TASK INSTRUCTIONS: Copy out only the span from the line with "this 1735×1247 image." to the end of the data, both ends kept, word for word.
+ + + + +
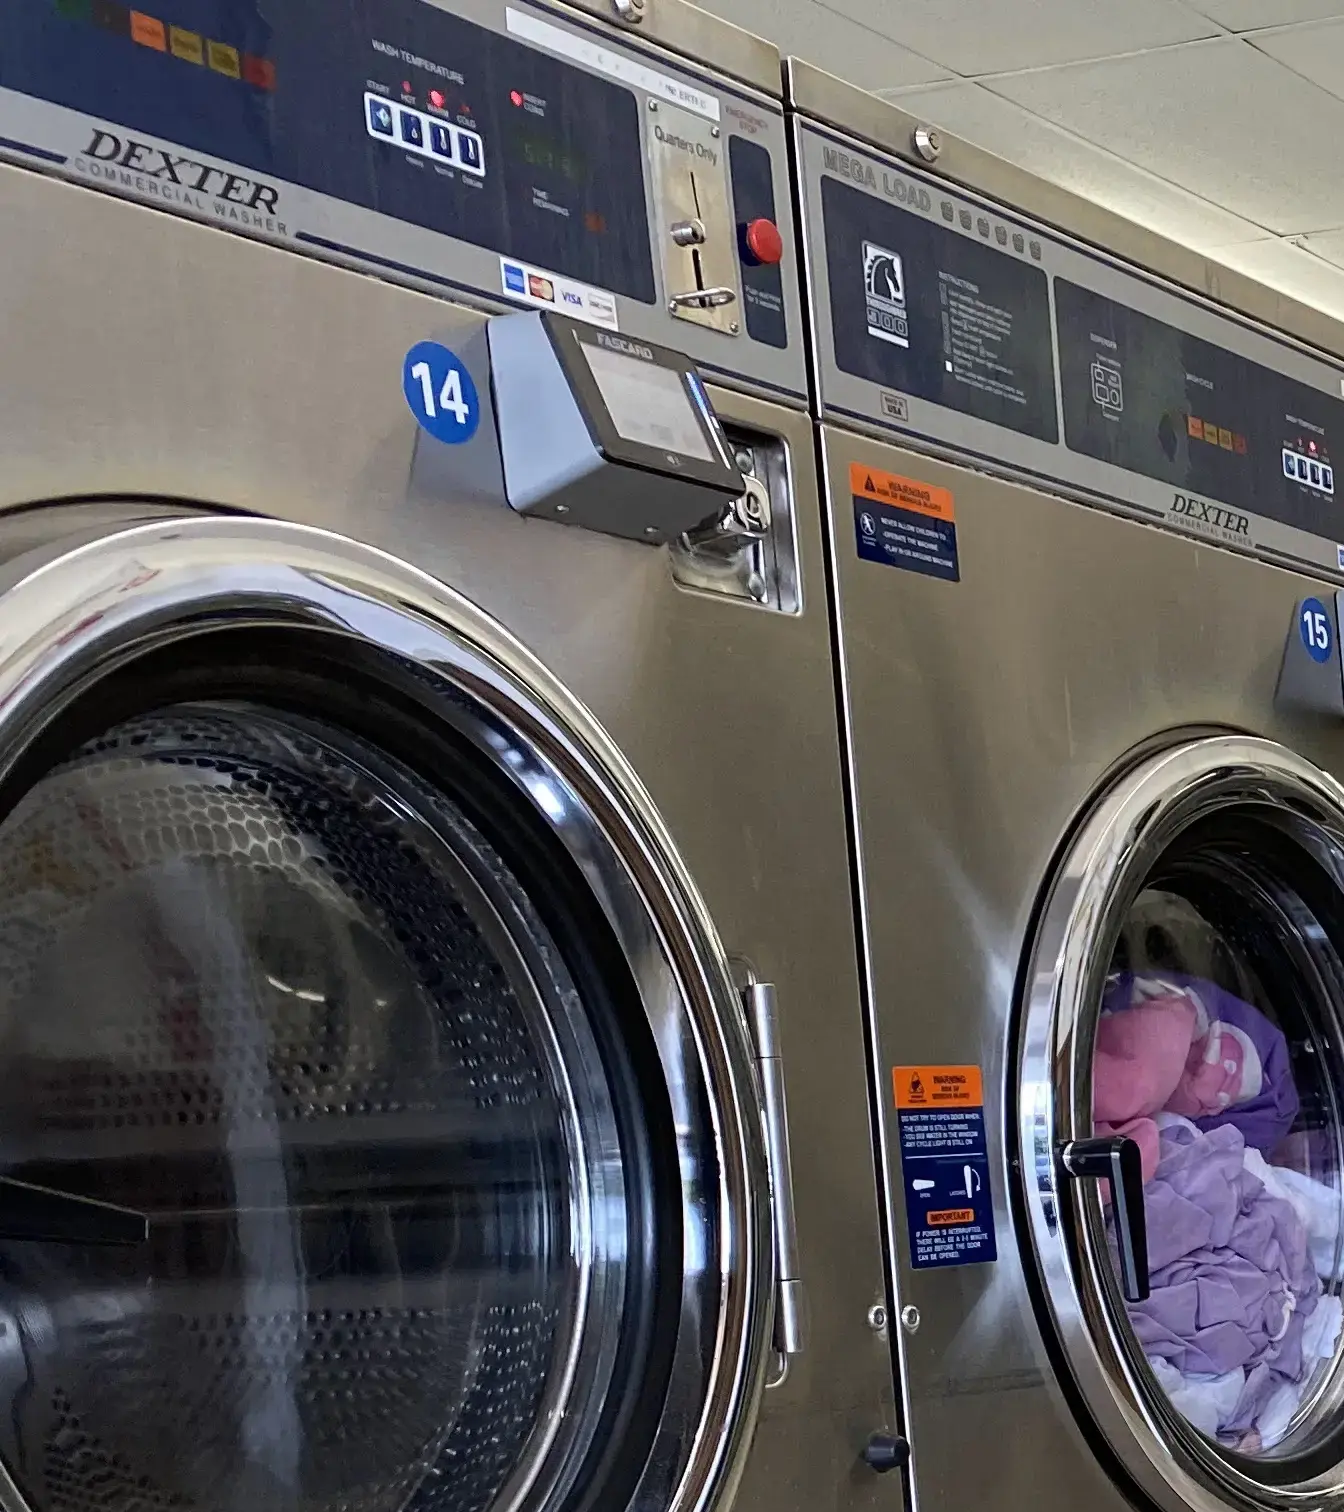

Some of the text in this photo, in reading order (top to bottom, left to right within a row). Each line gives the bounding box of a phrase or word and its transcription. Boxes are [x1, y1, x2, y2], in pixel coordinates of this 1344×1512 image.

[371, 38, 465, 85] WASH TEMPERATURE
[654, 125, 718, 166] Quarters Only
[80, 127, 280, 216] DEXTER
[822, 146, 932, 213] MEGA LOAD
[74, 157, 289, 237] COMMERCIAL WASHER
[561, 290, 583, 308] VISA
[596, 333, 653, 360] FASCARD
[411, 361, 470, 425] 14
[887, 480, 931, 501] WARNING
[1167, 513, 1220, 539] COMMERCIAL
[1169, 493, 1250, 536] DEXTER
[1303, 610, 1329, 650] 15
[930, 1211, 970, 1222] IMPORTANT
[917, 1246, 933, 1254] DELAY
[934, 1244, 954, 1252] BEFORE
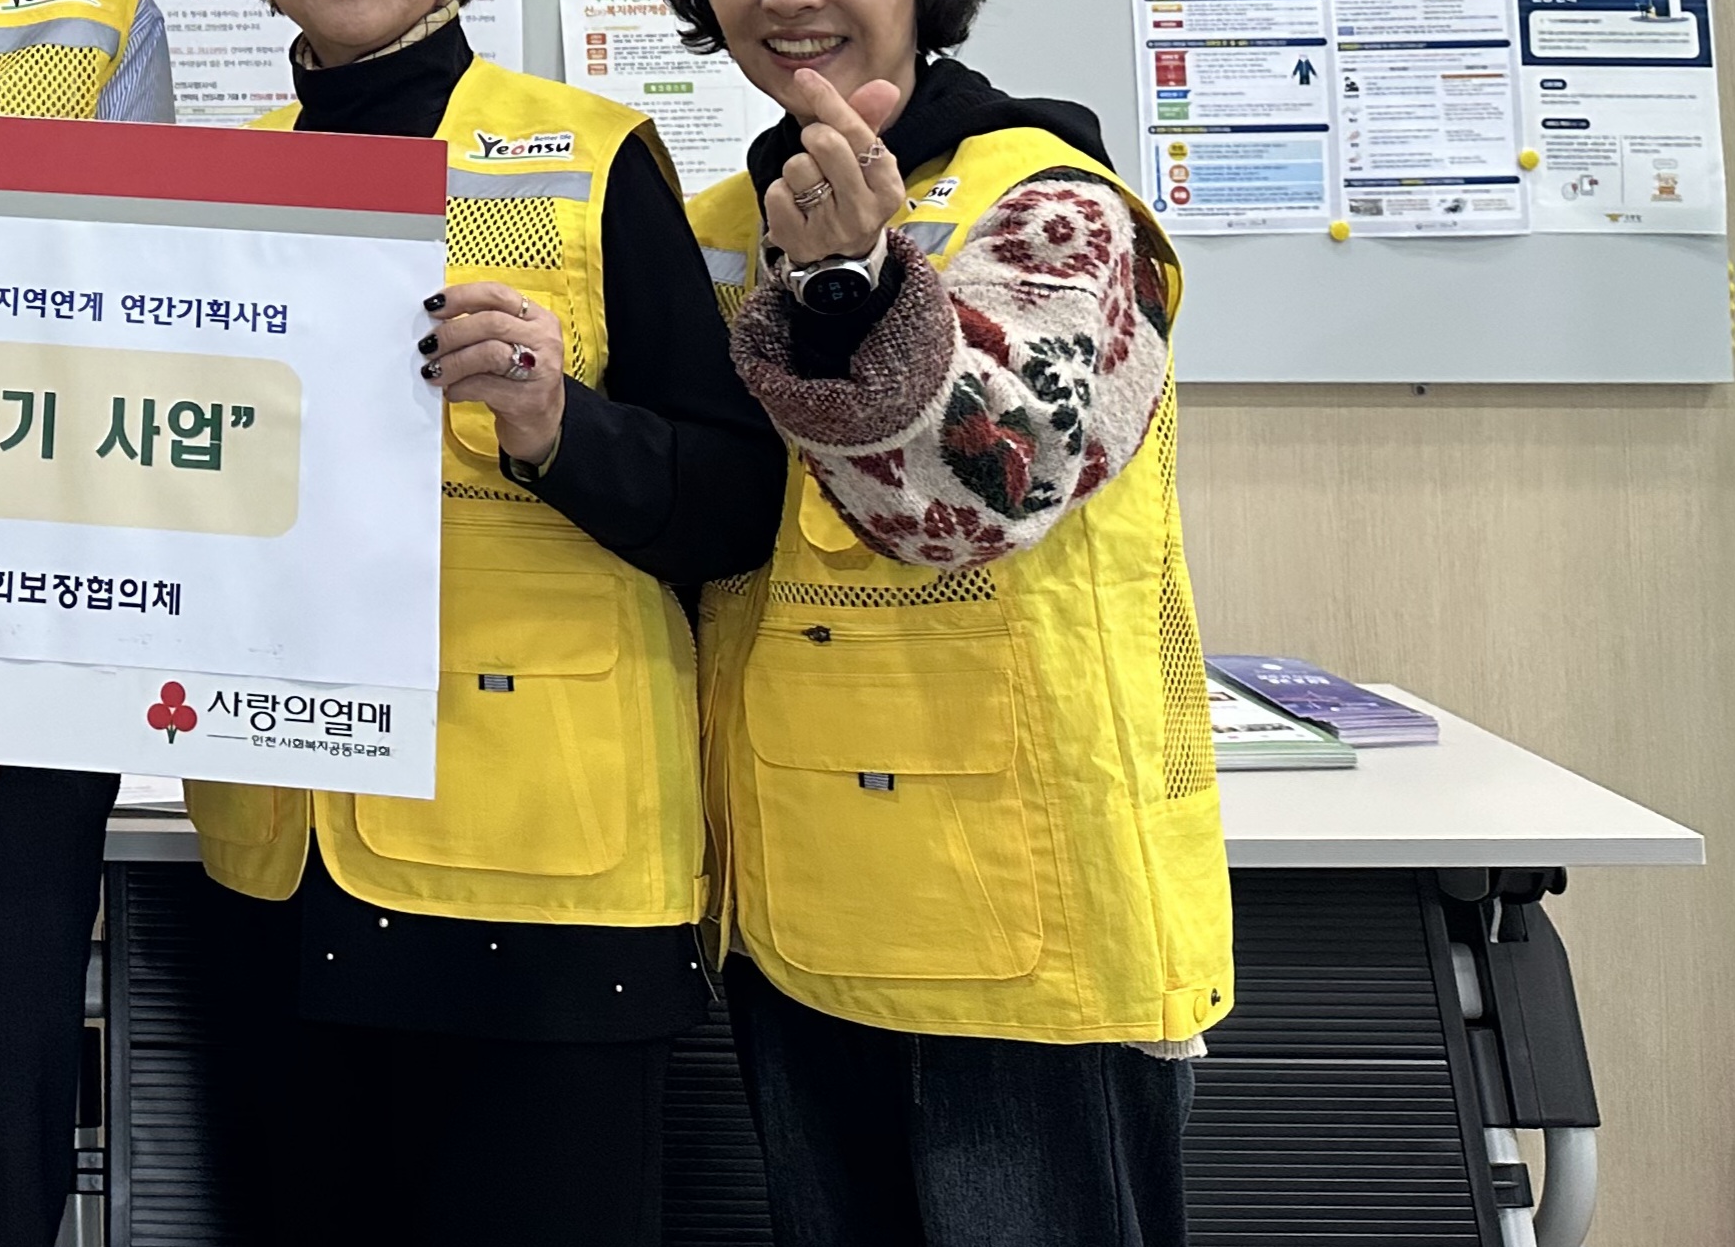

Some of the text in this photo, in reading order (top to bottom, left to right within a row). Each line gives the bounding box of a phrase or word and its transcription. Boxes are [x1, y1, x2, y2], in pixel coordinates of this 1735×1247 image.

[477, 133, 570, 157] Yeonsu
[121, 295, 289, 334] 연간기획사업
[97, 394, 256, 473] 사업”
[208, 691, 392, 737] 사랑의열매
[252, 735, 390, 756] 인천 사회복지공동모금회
+ + + + +
FINISHED EXERCISE:
Some of the text in this photo, in reading order (top to bottom, left to right within a row). Each line gives the bounding box of a phrase or word and its transcription. Boxes are [x1, y1, x2, y2], in pixel coordinates of this 1735×1247 image.

[477, 133, 570, 157] Yeonsu
[121, 295, 289, 334] 연간기획사업
[97, 394, 256, 473] 사업”
[208, 691, 392, 737] 사랑의열매
[252, 735, 390, 756] 인천 사회복지공동모금회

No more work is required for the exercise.